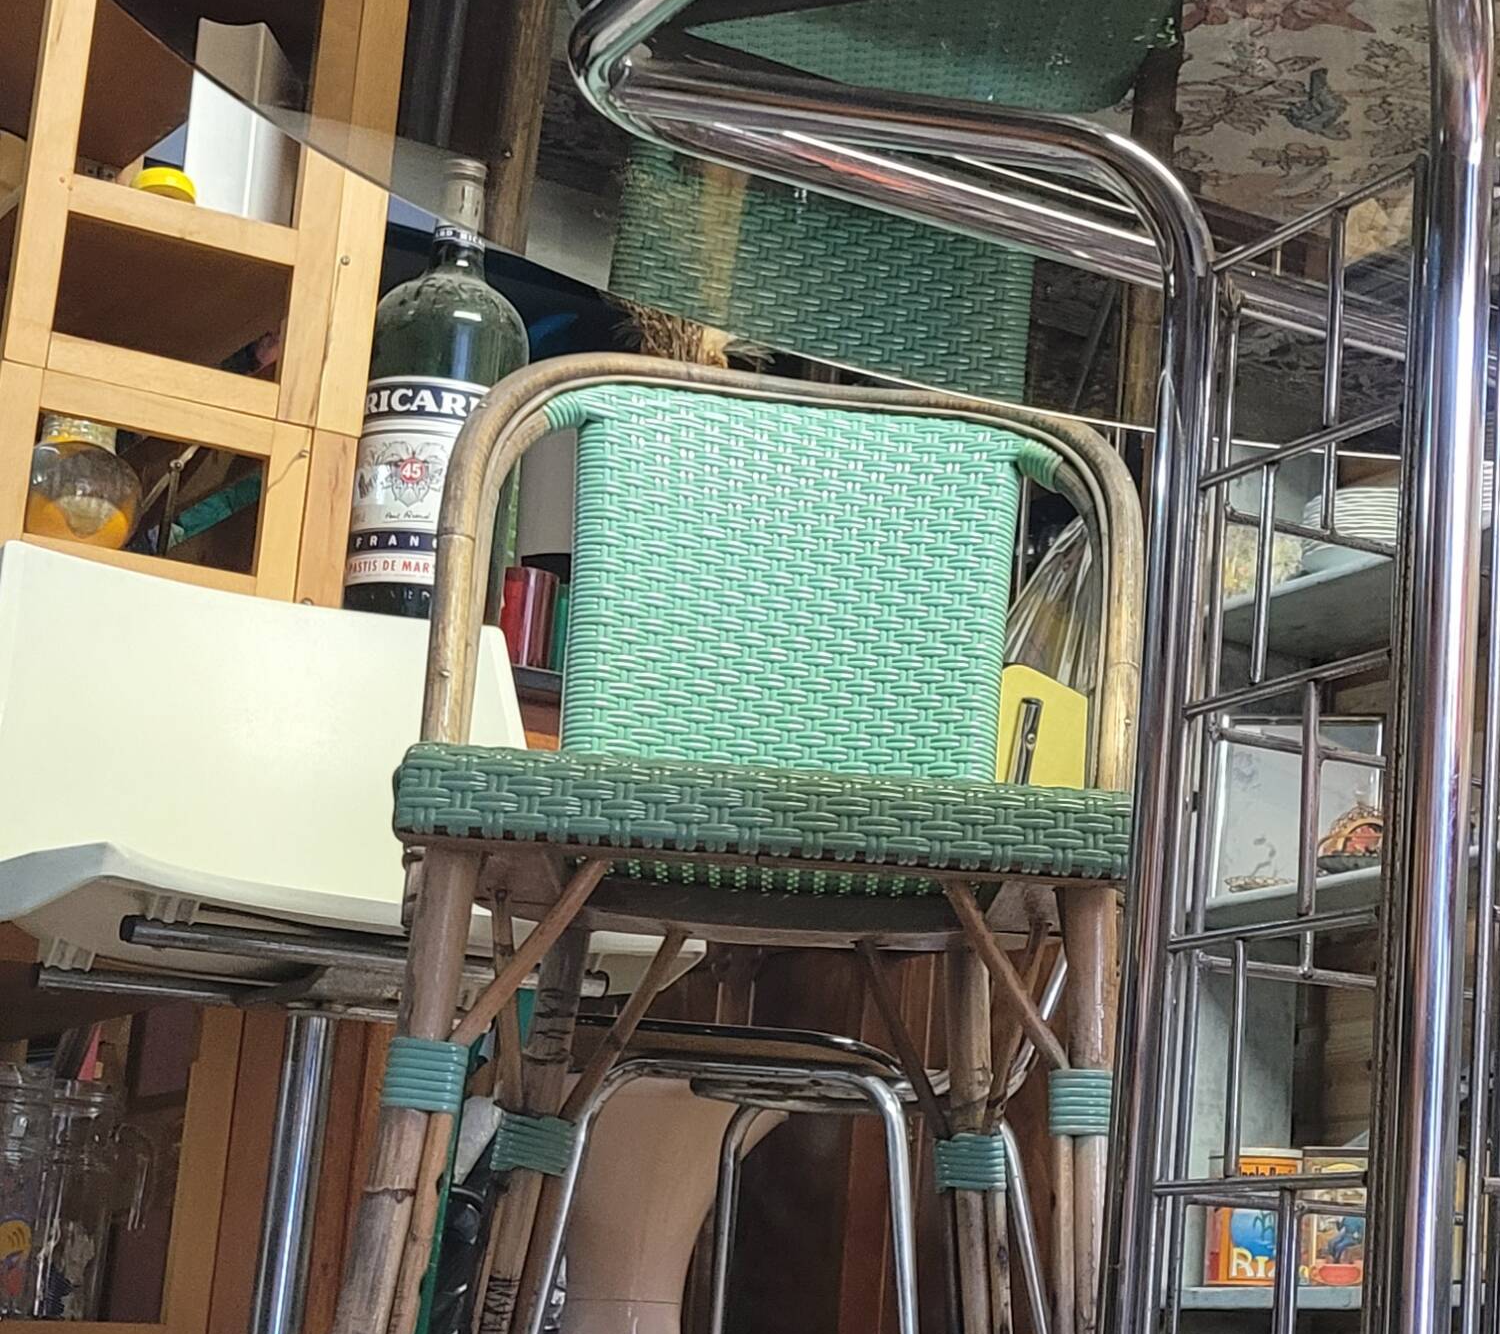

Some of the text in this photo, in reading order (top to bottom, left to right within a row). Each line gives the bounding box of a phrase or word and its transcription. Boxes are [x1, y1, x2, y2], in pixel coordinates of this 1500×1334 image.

[402, 463, 423, 479] 45
[382, 559, 397, 572] DE
[1230, 1246, 1276, 1278] RI
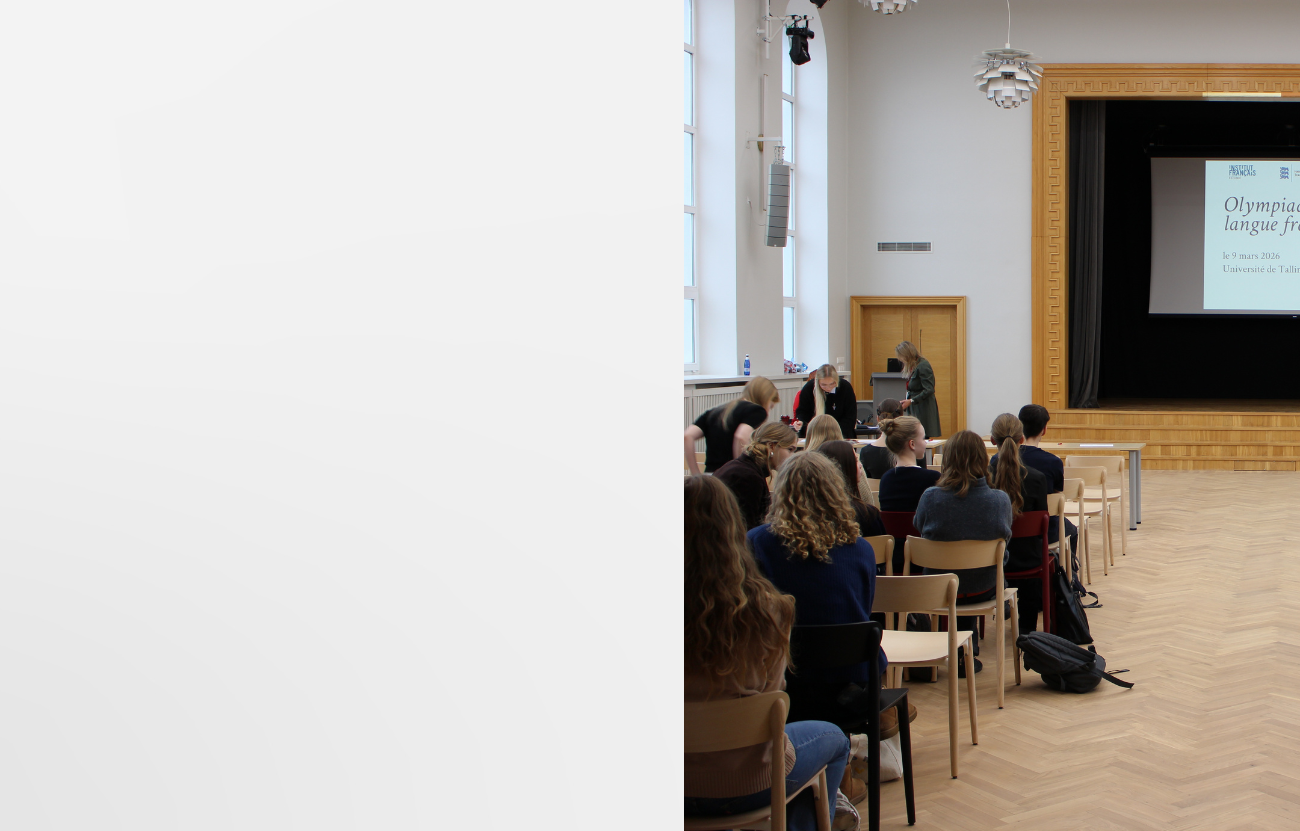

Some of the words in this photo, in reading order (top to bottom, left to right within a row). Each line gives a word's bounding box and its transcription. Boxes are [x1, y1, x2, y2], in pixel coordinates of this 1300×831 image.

[1224, 215, 1278, 236] langue
[1222, 251, 1230, 260] le
[1231, 251, 1237, 260] 9
[1260, 251, 1281, 260] 2026
[1222, 264, 1265, 273] Université
[1266, 265, 1276, 273] de
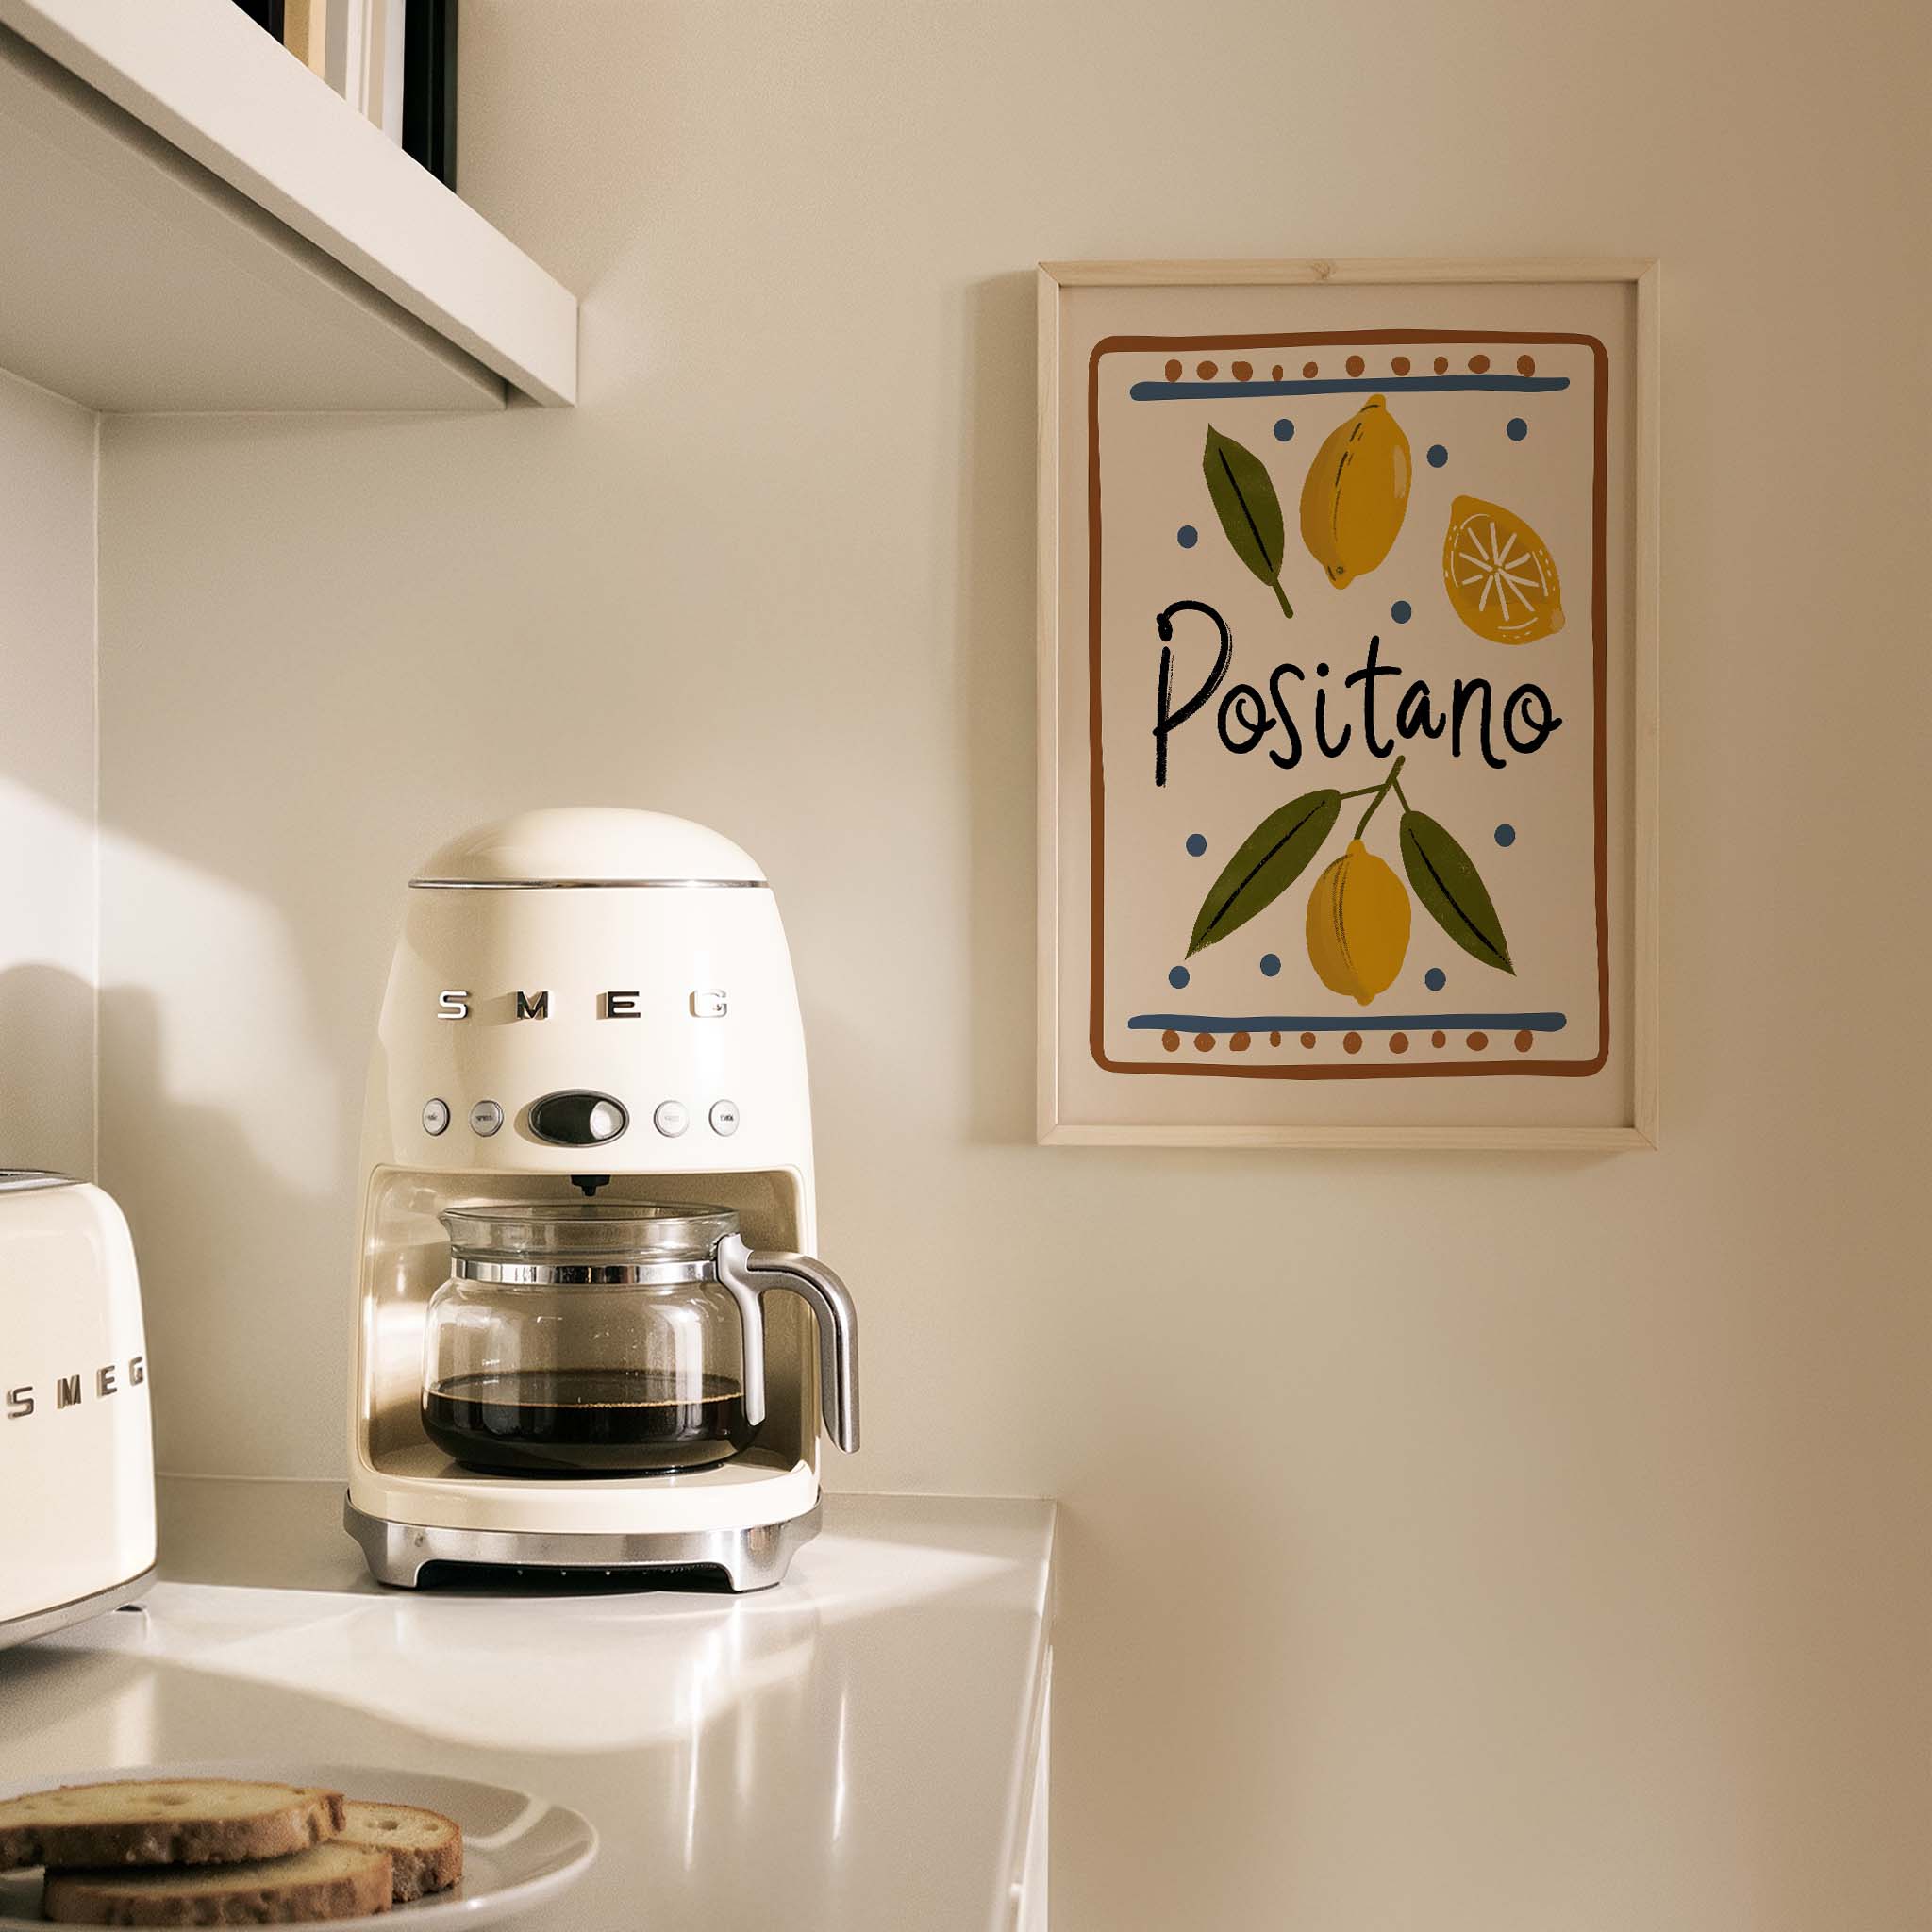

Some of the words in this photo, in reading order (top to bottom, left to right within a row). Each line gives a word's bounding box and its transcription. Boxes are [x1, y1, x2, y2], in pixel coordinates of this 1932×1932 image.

[1152, 600, 1563, 787] Positano
[437, 990, 728, 1020] SMEG
[6, 1356, 144, 1419] SMEG
◇ ◇ ◇
Omit the pictures and print again exactly the lines from the one with "this 1300×831 image." through the final line of the entries, both ends included.

§ Result
Some of the words in this photo, in reading order (top to bottom, left to right within a row). Each line gives a word's bounding box and its transcription. Boxes are [x1, y1, x2, y2], in pixel coordinates of this 1300×831 image.

[1224, 215, 1278, 236] langue
[1222, 251, 1230, 260] le
[1231, 251, 1237, 260] 9
[1260, 251, 1281, 260] 2026
[1222, 264, 1265, 273] Université
[1266, 265, 1276, 273] de

Some of the words in this photo, in reading order (top to bottom, left to right within a row). Each line gives a word's bounding box and its transcription. Boxes are [x1, y1, x2, y2], in pixel coordinates of this 1932×1932 image.

[1152, 600, 1563, 787] Positano
[437, 990, 728, 1020] SMEG
[6, 1356, 144, 1419] SMEG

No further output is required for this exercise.